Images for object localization
·····
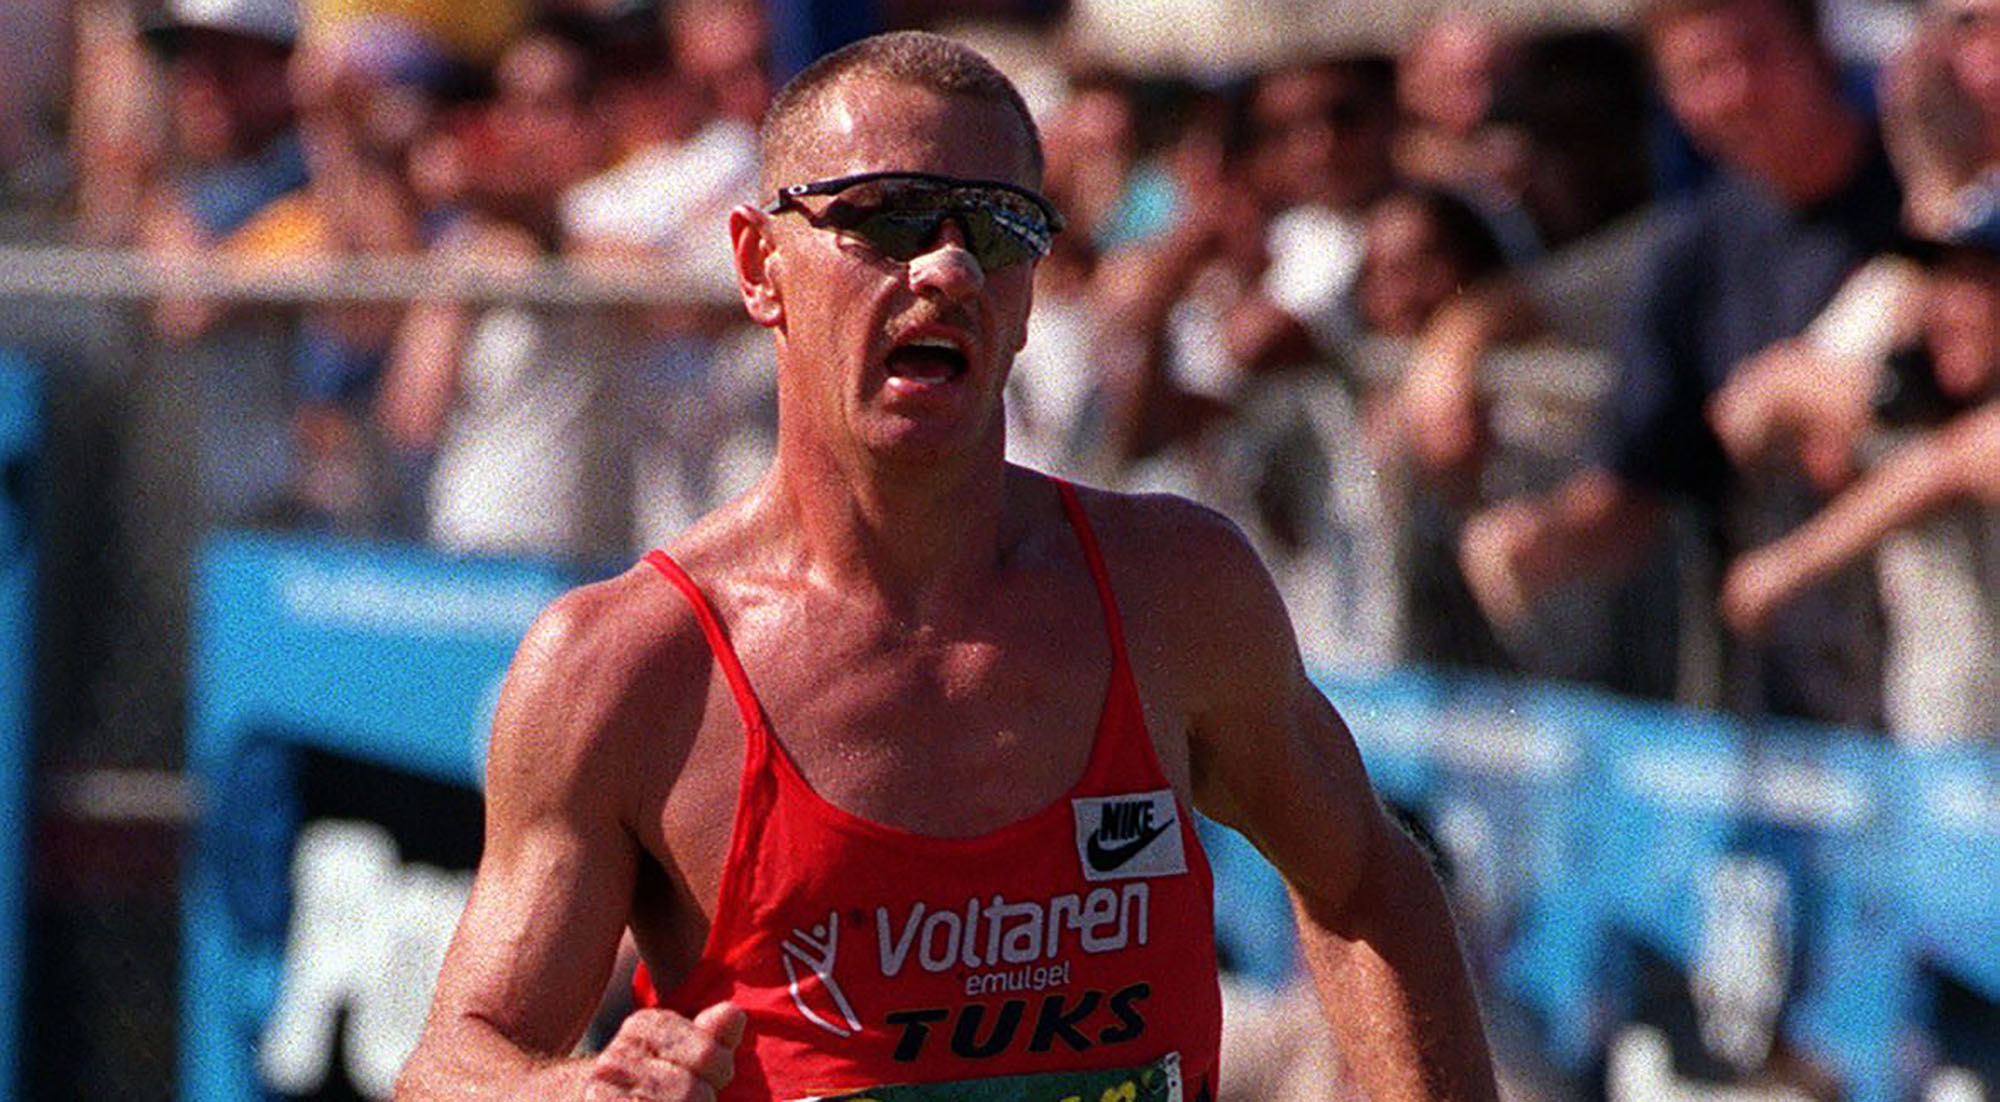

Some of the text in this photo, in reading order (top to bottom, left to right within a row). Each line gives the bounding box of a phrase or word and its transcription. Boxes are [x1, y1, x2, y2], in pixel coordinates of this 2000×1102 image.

[1099, 801, 1154, 841] NIKE
[877, 883, 1149, 977] Voltaren
[965, 960, 1071, 997] emulgel
[886, 983, 1151, 1062] TUKS
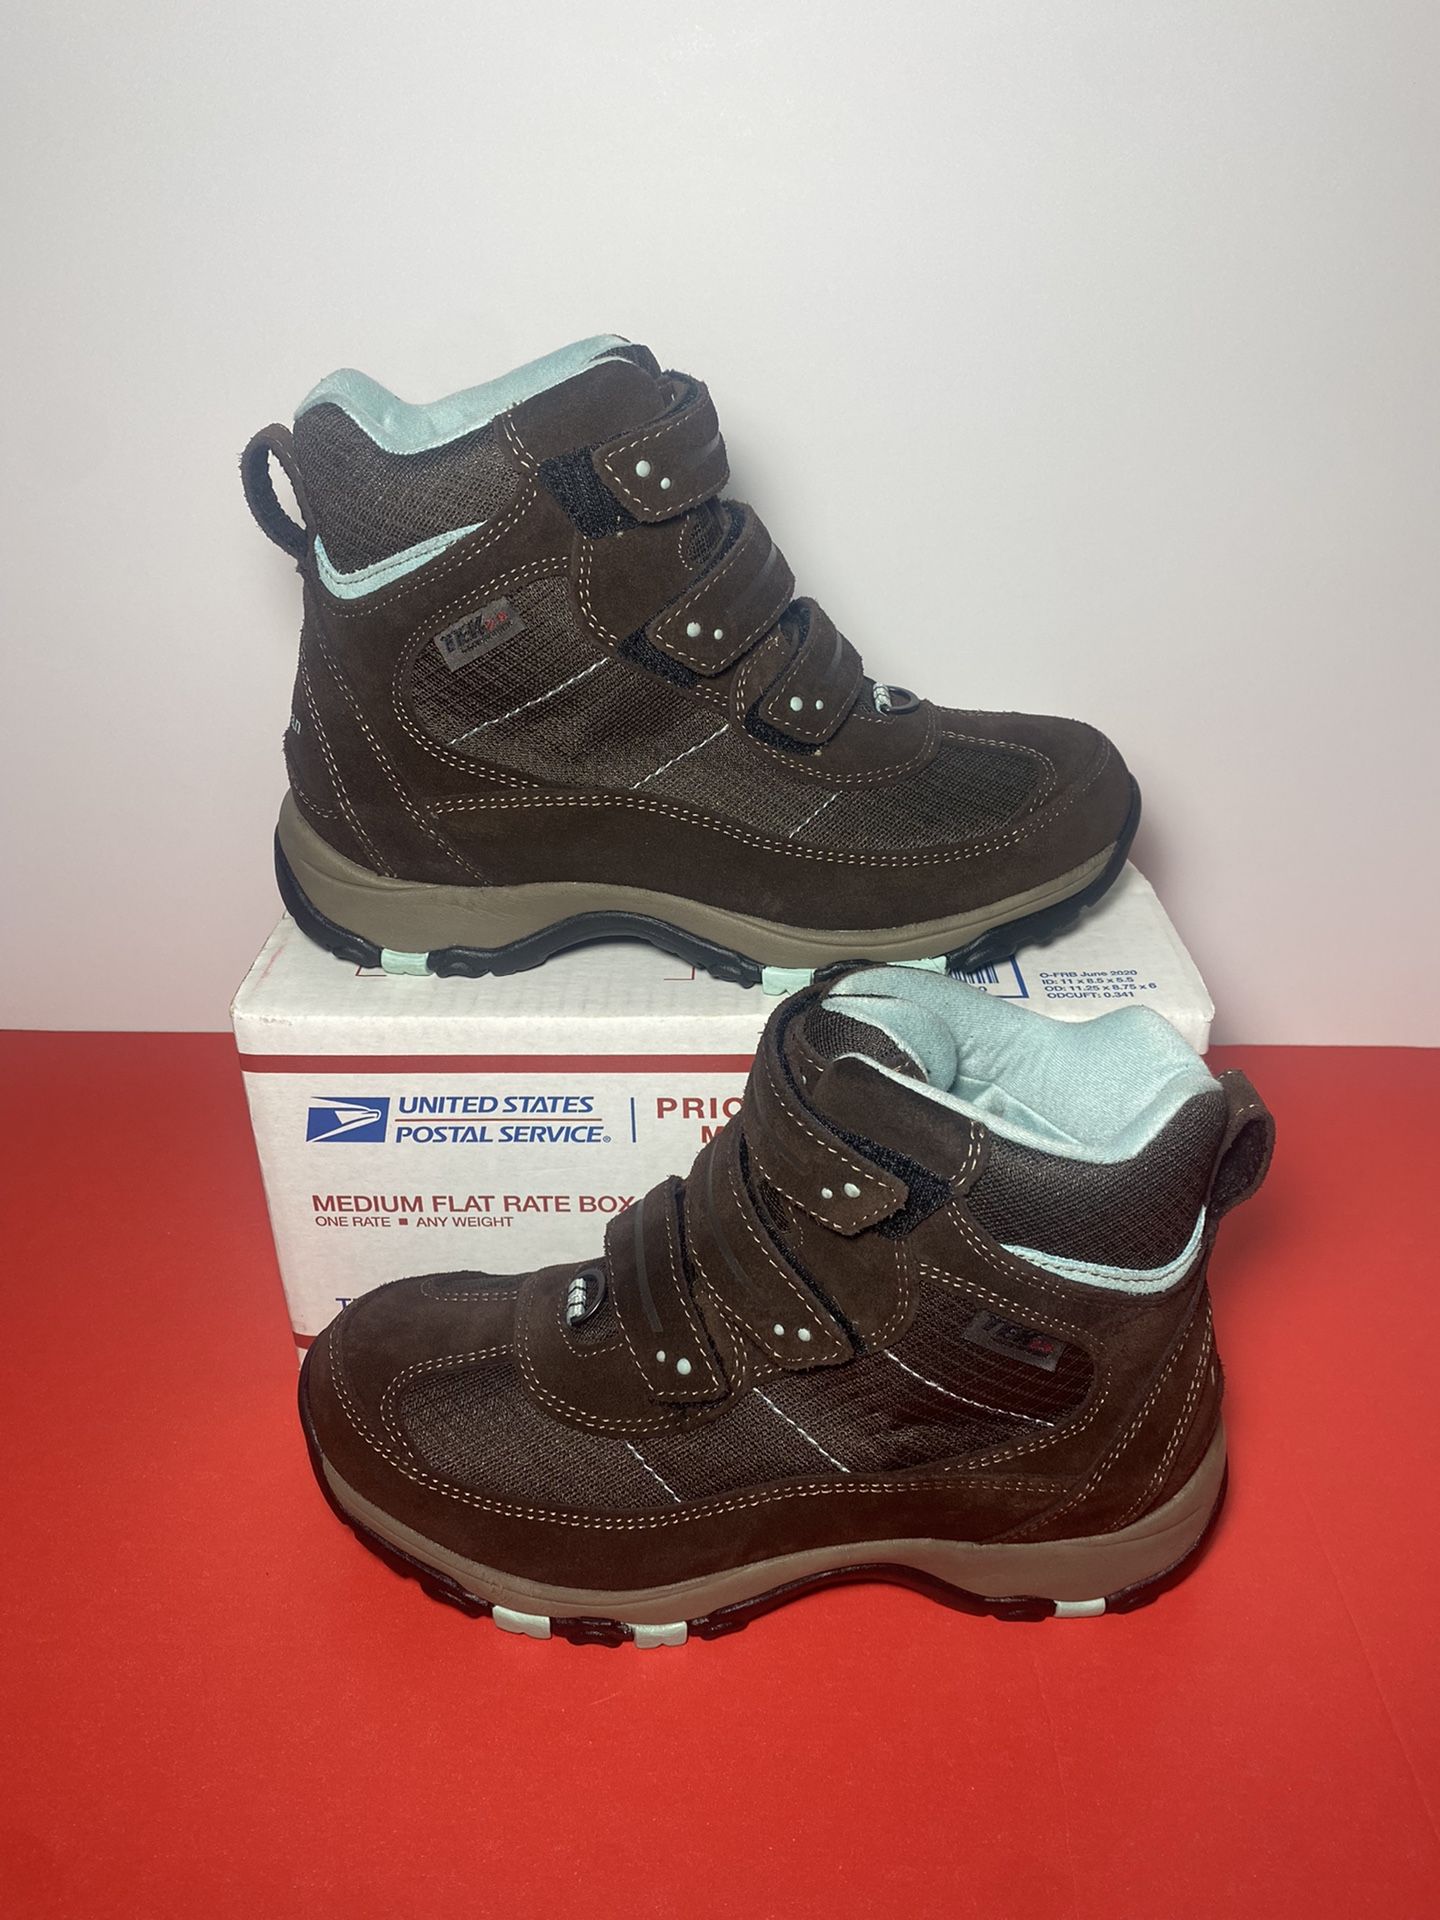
·····
» Exercise description: Retype each record exactly as it appears above and drop the images.

» Response:
Some of the text in this photo, in reading order (top to bottom, left to right within a row). Each line gives the bounding box of a phrase or word and its transcription. Boxes are [x1, y1, x2, y2], in pixel coordinates of this 2000×1102 image.

[1099, 801, 1154, 841] NIKE
[877, 883, 1149, 977] Voltaren
[965, 960, 1071, 997] emulgel
[886, 983, 1151, 1062] TUKS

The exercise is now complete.